- How to complete this task
What follows is a set of records; copy all of it exactly.

- Records supplied
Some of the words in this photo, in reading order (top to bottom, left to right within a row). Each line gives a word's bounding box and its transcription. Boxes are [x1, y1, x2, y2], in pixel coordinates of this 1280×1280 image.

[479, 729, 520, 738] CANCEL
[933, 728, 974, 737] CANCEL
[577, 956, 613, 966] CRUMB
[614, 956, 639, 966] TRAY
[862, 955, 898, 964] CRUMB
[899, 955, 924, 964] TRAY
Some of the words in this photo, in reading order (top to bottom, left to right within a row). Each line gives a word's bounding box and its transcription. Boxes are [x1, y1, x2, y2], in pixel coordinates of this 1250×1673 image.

- Answer space
Some of the words in this photo, in reading order (top to bottom, left to right within a row). Each line gives a word's bounding box and its transcription. Boxes are [x1, y1, x2, y2], in pixel coordinates of this 1280×1280 image.

[479, 729, 520, 738] CANCEL
[933, 728, 974, 737] CANCEL
[577, 956, 613, 966] CRUMB
[614, 956, 639, 966] TRAY
[862, 955, 898, 964] CRUMB
[899, 955, 924, 964] TRAY
Some of the words in this photo, in reading order (top to bottom, left to right within a row). Each line gives a word's bounding box and its transcription. Boxes are [x1, y1, x2, y2], in pixel coordinates of this 1250×1673 image.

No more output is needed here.